PROBLEM DETAILS:
Exact transcription with no images: write out all of the entries below.

Records drawn from a dataset
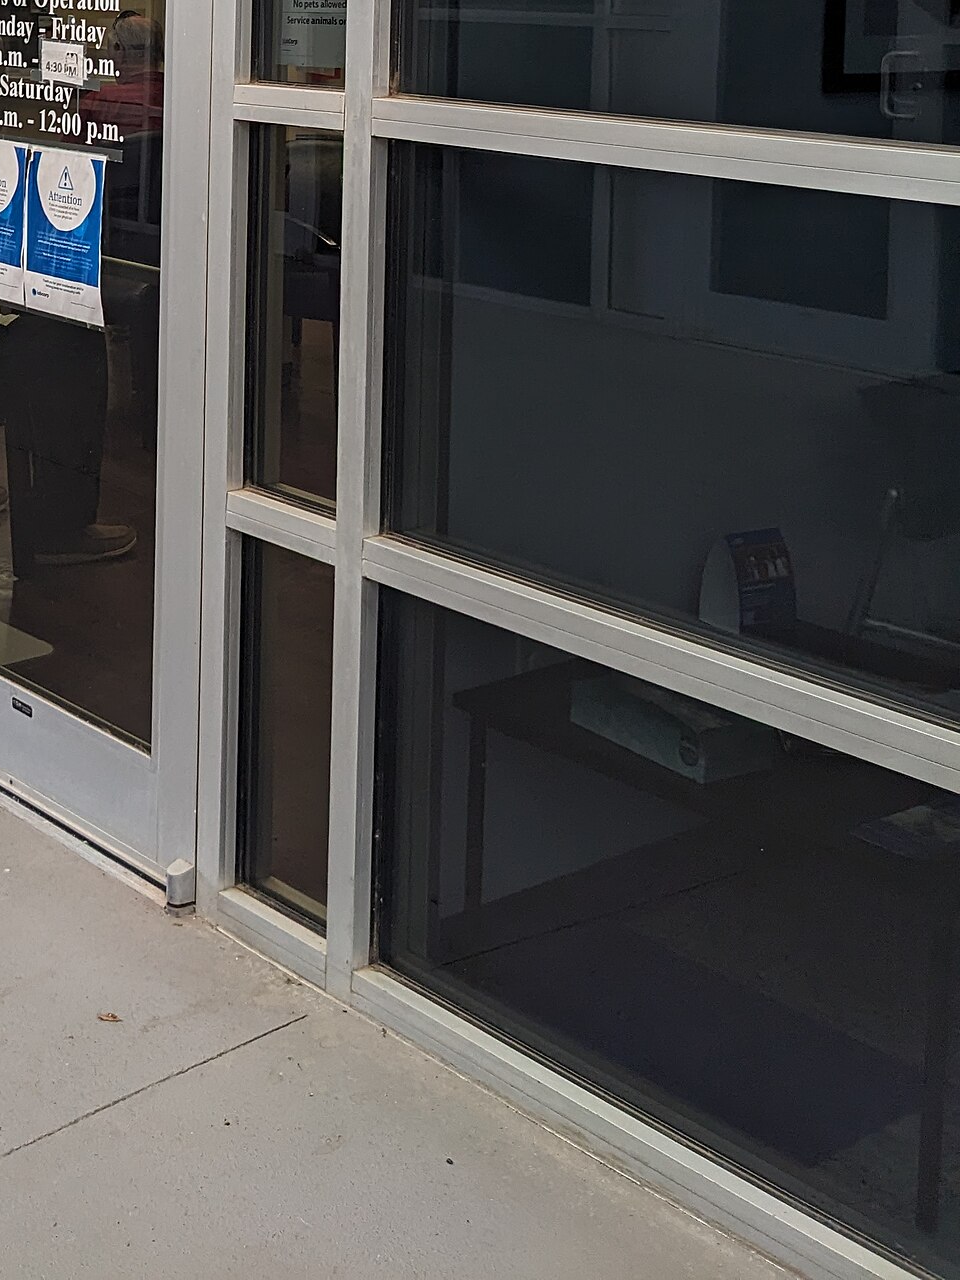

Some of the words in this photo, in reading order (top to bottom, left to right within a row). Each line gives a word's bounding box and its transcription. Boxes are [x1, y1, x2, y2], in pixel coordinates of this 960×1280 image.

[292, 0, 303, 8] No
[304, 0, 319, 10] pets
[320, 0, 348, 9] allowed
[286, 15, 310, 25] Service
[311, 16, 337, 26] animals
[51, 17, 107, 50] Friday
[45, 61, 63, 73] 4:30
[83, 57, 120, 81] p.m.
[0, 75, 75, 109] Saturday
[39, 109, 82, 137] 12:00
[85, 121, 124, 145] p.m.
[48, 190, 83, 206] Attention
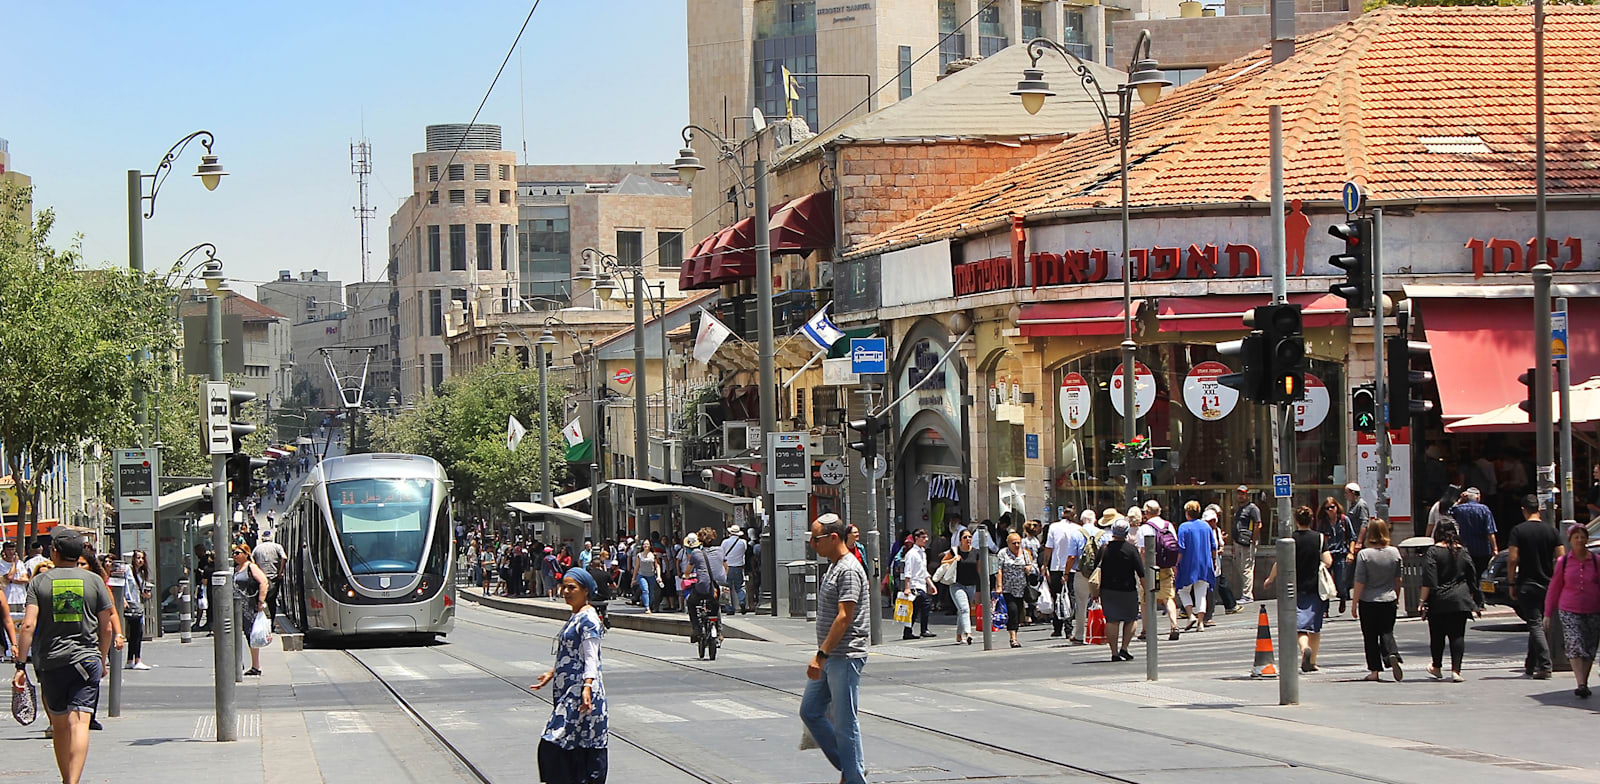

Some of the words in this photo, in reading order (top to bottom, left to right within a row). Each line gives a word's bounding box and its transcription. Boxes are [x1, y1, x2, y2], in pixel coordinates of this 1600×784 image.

THE COMPLETED TASK:
Some of the words in this photo, in reading order (top to bottom, left to right within a row). Each line gives a word's bounding box and its transcription. Boxes are [x1, y1, x2, y2], in pixel coordinates of this 960×1280 image.

[292, 0, 303, 8] No
[304, 0, 319, 10] pets
[320, 0, 348, 9] allowed
[286, 15, 310, 25] Service
[311, 16, 337, 26] animals
[51, 17, 107, 50] Friday
[45, 61, 63, 73] 4:30
[83, 57, 120, 81] p.m.
[0, 75, 75, 109] Saturday
[39, 109, 82, 137] 12:00
[85, 121, 124, 145] p.m.
[48, 190, 83, 206] Attention

Some of the words in this photo, in reading order (top to bottom, left to right within a row). Each line gives a word's bounding box and its transcription. Boxes are [x1, y1, x2, y2], in pixel coordinates of this 1600×784 image.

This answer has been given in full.